Measuring Business Value in Agile Software Development
For some projects it’s fairly obvious. Maybe there’s a clear revenue benefit. Or a tangible cost saving. Or a very specific risk avoidance.
But what about on BAU (Business As Usual)? How do you get some indication of the business value a team is delivering on bug fixes, enhancements and new features delivered as BAU?
One way – which is fairly rudimentary but an interesting indicator – is to use Fibonacci points in a similar way to Velocity.
The idea here is to put Fibonacci points for business value on every item (or User Story) on the Product Backlog, as well as the points for each feature’s size.
The development team provides the points for size, because only they are qualified to judge how big a feature is, relative to another. Whereas the business value points should come from the Product Owner/Business Owner.

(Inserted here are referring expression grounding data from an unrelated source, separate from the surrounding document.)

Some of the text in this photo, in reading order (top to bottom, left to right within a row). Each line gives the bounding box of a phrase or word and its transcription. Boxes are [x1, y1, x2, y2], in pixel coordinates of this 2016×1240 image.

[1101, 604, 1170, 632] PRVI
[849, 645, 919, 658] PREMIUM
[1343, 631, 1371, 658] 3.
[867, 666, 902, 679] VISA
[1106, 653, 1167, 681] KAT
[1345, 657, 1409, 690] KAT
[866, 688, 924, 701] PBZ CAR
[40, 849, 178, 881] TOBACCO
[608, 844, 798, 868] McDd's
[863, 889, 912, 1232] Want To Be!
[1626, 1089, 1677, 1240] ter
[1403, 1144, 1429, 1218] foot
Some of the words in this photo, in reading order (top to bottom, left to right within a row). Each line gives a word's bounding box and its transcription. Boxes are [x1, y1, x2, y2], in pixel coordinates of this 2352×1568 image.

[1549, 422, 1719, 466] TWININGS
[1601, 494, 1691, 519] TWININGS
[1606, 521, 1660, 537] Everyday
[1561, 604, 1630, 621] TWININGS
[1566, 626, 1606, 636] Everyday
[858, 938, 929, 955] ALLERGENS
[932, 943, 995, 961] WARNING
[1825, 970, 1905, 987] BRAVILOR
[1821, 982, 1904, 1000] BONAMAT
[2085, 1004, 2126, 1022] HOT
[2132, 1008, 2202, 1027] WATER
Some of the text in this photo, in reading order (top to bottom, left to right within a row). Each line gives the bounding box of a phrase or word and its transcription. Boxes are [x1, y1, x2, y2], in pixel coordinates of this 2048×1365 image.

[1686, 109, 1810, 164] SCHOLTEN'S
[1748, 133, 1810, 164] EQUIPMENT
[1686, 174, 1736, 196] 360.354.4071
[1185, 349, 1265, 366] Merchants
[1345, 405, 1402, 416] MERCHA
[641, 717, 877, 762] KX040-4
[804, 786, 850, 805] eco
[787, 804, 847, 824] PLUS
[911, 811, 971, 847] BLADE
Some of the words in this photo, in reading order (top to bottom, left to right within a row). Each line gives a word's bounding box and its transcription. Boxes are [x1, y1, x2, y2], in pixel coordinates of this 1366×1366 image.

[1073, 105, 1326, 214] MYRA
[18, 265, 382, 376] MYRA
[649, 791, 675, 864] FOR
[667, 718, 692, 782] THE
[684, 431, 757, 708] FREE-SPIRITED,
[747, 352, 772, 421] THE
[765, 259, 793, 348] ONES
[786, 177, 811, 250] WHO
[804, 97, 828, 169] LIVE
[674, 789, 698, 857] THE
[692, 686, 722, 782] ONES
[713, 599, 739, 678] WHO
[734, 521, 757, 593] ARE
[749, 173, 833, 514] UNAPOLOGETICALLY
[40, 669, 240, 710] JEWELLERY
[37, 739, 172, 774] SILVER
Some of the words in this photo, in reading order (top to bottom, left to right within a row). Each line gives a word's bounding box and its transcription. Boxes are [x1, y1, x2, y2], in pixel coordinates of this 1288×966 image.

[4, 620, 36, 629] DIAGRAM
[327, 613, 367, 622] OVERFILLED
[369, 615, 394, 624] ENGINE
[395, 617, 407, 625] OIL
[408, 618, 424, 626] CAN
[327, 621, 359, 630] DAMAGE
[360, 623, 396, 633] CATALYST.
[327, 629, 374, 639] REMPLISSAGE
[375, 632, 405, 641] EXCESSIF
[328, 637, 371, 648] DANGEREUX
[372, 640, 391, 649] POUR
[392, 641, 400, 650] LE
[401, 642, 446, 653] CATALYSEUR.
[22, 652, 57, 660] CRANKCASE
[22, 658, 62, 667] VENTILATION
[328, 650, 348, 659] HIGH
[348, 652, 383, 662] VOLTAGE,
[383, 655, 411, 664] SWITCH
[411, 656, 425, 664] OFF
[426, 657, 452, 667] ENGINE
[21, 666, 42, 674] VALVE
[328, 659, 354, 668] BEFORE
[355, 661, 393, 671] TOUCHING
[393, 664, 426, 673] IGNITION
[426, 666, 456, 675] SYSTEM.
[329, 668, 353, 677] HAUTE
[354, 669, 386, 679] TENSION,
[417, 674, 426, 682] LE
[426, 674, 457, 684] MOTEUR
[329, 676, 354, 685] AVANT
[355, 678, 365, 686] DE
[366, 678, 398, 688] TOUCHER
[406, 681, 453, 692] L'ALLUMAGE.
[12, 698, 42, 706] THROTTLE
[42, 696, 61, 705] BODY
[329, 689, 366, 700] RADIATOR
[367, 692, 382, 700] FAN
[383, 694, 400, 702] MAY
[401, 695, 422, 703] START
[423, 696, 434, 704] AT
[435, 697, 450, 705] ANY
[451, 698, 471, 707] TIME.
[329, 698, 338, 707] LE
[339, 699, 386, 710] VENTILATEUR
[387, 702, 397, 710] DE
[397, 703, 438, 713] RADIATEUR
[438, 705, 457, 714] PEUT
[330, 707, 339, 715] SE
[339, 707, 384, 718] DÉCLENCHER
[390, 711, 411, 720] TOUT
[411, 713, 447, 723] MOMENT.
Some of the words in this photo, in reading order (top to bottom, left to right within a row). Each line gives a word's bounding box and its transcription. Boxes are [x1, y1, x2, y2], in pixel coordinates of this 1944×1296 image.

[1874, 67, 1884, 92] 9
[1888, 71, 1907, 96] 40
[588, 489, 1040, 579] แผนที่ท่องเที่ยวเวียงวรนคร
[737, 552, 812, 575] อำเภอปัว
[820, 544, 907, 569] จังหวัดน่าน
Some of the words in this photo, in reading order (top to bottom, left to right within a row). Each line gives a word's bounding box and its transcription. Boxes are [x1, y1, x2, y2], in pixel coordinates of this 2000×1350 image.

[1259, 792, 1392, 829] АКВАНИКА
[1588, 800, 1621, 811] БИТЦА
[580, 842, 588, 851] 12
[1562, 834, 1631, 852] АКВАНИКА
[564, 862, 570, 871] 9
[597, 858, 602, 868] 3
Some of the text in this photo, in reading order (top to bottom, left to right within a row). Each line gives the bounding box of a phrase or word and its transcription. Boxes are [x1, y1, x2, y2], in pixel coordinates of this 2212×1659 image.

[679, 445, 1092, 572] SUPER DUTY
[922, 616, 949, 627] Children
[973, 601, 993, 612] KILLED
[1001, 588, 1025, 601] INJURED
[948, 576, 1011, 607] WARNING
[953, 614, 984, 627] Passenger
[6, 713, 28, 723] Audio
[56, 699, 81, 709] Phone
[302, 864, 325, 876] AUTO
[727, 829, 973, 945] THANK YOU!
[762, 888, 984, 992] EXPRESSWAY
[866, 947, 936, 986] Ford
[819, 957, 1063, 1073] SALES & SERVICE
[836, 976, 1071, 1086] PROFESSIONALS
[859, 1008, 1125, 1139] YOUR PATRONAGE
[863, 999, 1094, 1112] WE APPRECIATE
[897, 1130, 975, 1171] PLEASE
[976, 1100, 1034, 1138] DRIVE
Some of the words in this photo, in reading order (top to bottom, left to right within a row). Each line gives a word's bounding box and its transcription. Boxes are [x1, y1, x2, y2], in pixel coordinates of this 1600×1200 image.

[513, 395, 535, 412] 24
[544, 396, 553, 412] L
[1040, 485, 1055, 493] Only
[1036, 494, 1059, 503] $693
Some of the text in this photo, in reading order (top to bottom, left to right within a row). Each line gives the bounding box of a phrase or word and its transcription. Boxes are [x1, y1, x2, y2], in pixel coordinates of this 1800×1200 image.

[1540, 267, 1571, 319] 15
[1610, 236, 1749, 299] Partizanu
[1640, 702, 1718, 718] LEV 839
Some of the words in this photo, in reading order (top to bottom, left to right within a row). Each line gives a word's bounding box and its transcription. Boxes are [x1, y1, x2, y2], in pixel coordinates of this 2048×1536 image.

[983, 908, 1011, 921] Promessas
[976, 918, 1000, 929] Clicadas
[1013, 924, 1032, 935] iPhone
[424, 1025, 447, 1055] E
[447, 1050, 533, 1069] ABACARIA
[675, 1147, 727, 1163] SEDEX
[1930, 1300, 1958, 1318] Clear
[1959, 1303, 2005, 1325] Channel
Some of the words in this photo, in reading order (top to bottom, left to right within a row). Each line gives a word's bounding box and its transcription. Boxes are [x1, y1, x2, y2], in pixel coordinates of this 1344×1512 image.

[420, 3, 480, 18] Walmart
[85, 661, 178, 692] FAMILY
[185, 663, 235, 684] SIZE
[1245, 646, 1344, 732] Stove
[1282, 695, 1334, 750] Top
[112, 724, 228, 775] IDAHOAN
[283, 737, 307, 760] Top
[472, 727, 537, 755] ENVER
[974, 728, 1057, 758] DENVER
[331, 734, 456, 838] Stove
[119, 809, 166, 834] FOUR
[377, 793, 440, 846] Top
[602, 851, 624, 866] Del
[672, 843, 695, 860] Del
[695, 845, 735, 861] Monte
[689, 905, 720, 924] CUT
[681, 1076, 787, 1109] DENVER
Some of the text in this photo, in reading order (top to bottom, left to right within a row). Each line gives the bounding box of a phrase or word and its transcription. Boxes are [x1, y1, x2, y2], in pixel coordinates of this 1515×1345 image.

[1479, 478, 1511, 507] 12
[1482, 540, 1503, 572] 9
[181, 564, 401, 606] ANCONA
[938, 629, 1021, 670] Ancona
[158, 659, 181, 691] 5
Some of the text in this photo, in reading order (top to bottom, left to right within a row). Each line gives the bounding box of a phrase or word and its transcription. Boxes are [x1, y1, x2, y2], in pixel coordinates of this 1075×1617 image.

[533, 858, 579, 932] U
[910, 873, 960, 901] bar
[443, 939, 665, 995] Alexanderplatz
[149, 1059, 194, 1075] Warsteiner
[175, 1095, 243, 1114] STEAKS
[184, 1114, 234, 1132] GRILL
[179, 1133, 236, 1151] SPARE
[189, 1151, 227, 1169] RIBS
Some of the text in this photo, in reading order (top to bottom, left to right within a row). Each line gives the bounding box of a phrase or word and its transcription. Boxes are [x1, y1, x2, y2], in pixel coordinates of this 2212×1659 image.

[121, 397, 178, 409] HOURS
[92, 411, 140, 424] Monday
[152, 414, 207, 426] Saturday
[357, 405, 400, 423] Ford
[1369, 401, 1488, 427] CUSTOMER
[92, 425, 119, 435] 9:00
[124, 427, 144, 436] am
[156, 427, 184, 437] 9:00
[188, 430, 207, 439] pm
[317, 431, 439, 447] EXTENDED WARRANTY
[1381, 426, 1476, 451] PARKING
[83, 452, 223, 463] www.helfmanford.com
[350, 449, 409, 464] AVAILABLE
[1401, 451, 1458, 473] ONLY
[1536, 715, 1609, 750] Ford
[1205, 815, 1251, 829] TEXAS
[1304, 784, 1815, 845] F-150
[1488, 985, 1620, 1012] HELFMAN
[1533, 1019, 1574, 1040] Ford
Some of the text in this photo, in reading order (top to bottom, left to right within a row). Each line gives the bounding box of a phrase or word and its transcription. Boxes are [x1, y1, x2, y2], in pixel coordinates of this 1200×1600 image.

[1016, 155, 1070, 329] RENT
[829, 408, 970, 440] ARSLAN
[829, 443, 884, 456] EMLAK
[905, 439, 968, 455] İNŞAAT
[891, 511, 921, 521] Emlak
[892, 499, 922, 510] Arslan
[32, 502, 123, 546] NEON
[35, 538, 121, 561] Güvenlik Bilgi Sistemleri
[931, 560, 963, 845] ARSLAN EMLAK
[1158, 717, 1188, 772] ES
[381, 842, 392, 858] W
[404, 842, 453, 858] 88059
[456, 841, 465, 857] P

In the same way as the development team estimates in points, the Product Owner decides on a business value for each item, relative to each other. The key thing here is that the estimated business value is relative, i.e. a feature with a business value of 2 is twice as valuable as a feature worth 1; a 5 is worth 5 times a 1, etc.
When you have Fibonacci points for size and for business value, you can also do some interesting things to help prioritise your backlog. Firstly, if you have a long Product Backlog that is difficult to get your head around, you can simply enter business values individually and then sort the list by business value as a starter for ten.
Secondly, you could do a calculation of business value divided by size to give the feature a priority score. It’s a bit rudimentary, but it’s a simple way to sort the backlog so the high value/low effort features come out at the top.
You can also plot this on a scatter graph, which you can set up to put the high value/low effort features on the top right, and the high effort/low value features on the bottom left. This is a useful concept and can help to facilitate a good discussion about priorities.
But aside of prioritisation, putting a business value in points against every item on the backlog allows you to calculate ‘Business Velocity‘, i.e. how much business value (in points) was delivered in each Sprint. You could plot this on a ‘burn-up chart’, showing the cumulative business value delivered over time – hopefully with an accelerating trend line.
And you could use this graph to see whether the business value for each sprint is increasing or decreasing. Naturally a team’s business value might slow down as a product matures in its commercial lifecycle. Maybe in this case it’s time to think about switching resources onto other priorities? Maybe it coincides with a lower velocity? Or maybe it’s time to think of some more valuable ideas?